Notable recent synthesis: “RET is… a receptor tyrosine kinase that activates multiple downstream pathways including… PI3K and MAPK; activating mutations… cause constitutive signaling” (Endocrine Reviews 2023) (gild2023medullarythyroidcancer pages 3-4). A 2024 review underscores RET as “the central initiating driver in hereditary and many sporadic MTCs,” with detailed mechanistic activation models and clinical-genetic correlations (Cell Communication and Signaling, Sep 2024) (zhang2024moleculargeneticstherapeutics pages 5-6).

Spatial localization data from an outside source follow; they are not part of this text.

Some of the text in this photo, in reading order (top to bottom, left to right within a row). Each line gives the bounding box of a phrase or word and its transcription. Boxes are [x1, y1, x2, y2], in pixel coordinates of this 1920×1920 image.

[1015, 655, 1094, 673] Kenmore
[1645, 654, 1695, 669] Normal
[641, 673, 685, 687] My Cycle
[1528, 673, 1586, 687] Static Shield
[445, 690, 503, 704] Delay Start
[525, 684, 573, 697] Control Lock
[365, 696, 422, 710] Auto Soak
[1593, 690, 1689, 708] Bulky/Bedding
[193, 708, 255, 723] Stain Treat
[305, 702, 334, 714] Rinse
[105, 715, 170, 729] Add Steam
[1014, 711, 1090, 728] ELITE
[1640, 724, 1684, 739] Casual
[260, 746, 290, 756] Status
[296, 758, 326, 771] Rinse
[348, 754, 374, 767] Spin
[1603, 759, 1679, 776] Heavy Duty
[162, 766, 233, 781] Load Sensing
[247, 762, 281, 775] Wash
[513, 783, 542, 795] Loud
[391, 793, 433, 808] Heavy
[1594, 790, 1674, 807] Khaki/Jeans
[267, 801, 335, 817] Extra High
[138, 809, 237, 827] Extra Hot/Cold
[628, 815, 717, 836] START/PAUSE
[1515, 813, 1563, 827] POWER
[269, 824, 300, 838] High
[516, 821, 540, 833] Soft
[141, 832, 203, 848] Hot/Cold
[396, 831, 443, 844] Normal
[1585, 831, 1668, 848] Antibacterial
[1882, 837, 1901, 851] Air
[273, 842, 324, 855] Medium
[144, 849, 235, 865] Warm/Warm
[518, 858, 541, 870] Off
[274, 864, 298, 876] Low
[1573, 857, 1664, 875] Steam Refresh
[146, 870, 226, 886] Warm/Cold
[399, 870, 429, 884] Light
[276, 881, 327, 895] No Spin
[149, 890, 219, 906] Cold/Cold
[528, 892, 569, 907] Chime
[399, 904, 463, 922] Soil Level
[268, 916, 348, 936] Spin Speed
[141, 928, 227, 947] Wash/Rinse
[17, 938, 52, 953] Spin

Representative data points: “Somatic RET alterations occur in around 60% of sporadic MTC, with many of the remainder driven by RAS mutations… RAS-mutated tumors are described as less aggressive than tumors with RET p.Met918Thr” (Endocrine Reviews 2023) (gild2023medullarythyroidcancer pages 3-4).
Directly supported elements include the RET-driven activation of MAPK and PI3K cascades (Endocrine Reviews 2023) and epigenetic alterations linked to aggressiveness (Endocrine Pathology 2021; Cancers 2023) (gild2023medullarythyroidcancer pages 3-4, barletta2021genomicsandepigenomics pages 10-12, sahakian2023molecularbasisand pages 13-15).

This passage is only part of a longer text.